• **TASK PROMPT**
Every line below needs to be printed again exactly, without any of its pictures.

----

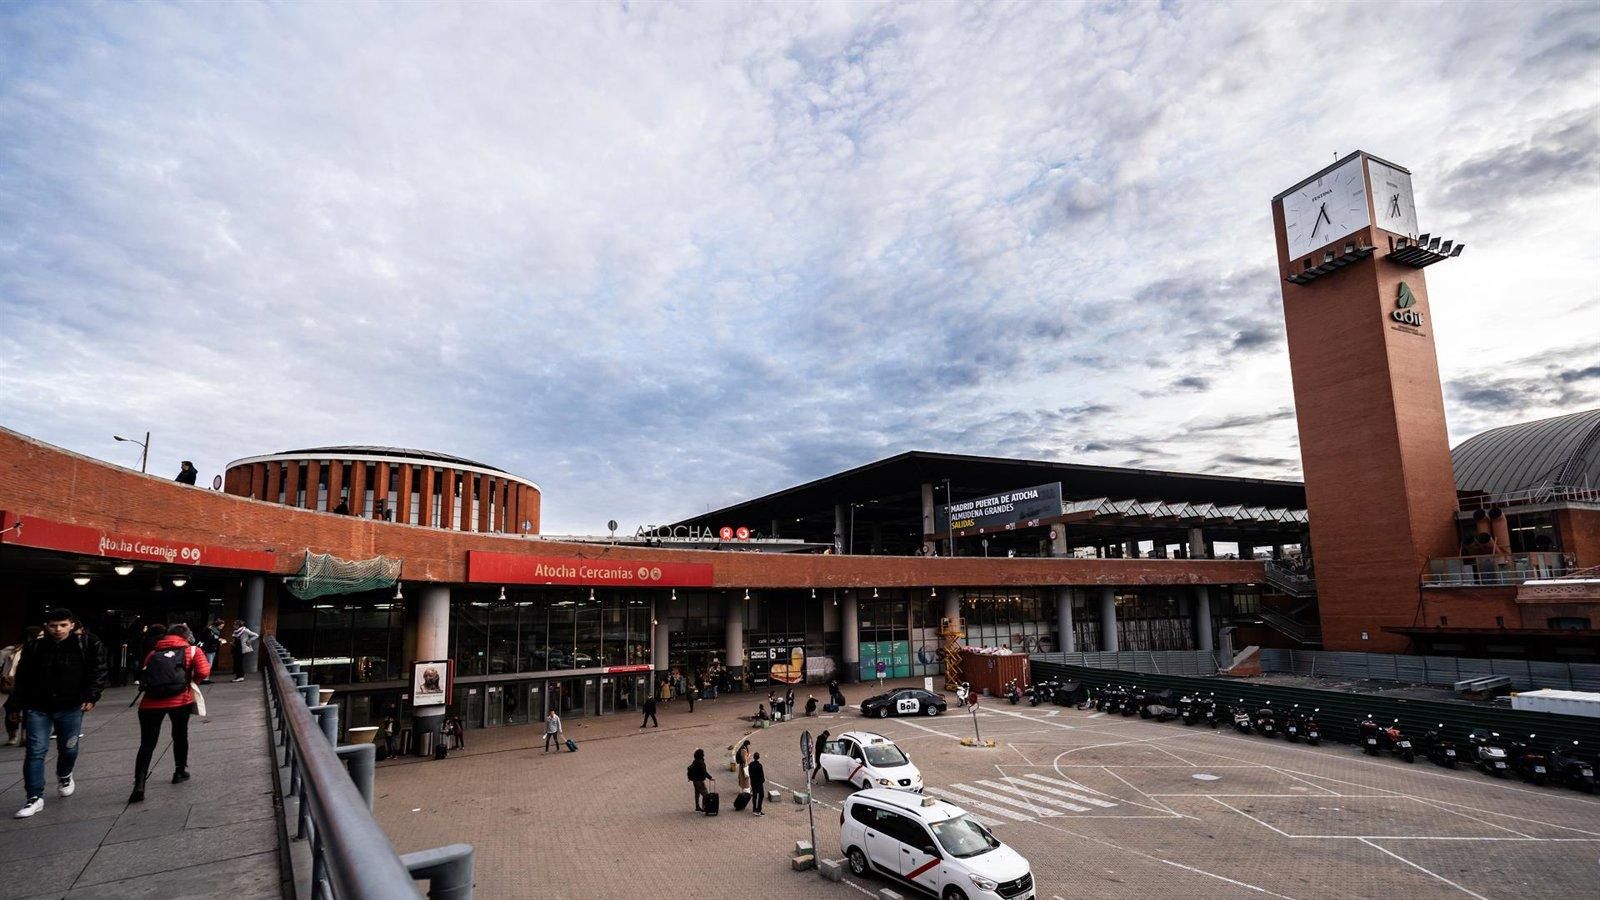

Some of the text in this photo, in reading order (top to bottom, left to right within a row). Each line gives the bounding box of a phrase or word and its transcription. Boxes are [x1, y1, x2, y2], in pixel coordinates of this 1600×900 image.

[950, 490, 1038, 513] MADRID PUERTA DE ATOCHA
[951, 503, 1014, 520] ALMUDENA GRANDES
[951, 519, 975, 529] SALIDAS
[634, 524, 714, 541] ATOCHA
[535, 563, 633, 579] Atocha Cercanías
[769, 647, 777, 659] 6
[901, 701, 917, 712] Bolt

----

• **YOUR RESPONSE**
Some of the text in this photo, in reading order (top to bottom, left to right within a row). Each line gives the bounding box of a phrase or word and its transcription. Boxes are [x1, y1, x2, y2], in pixel coordinates of this 1600×900 image.

[950, 490, 1038, 513] MADRID PUERTA DE ATOCHA
[951, 503, 1014, 520] ALMUDENA GRANDES
[951, 519, 975, 529] SALIDAS
[634, 524, 714, 541] ATOCHA
[535, 563, 633, 579] Atocha Cercanías
[769, 647, 777, 659] 6
[901, 701, 917, 712] Bolt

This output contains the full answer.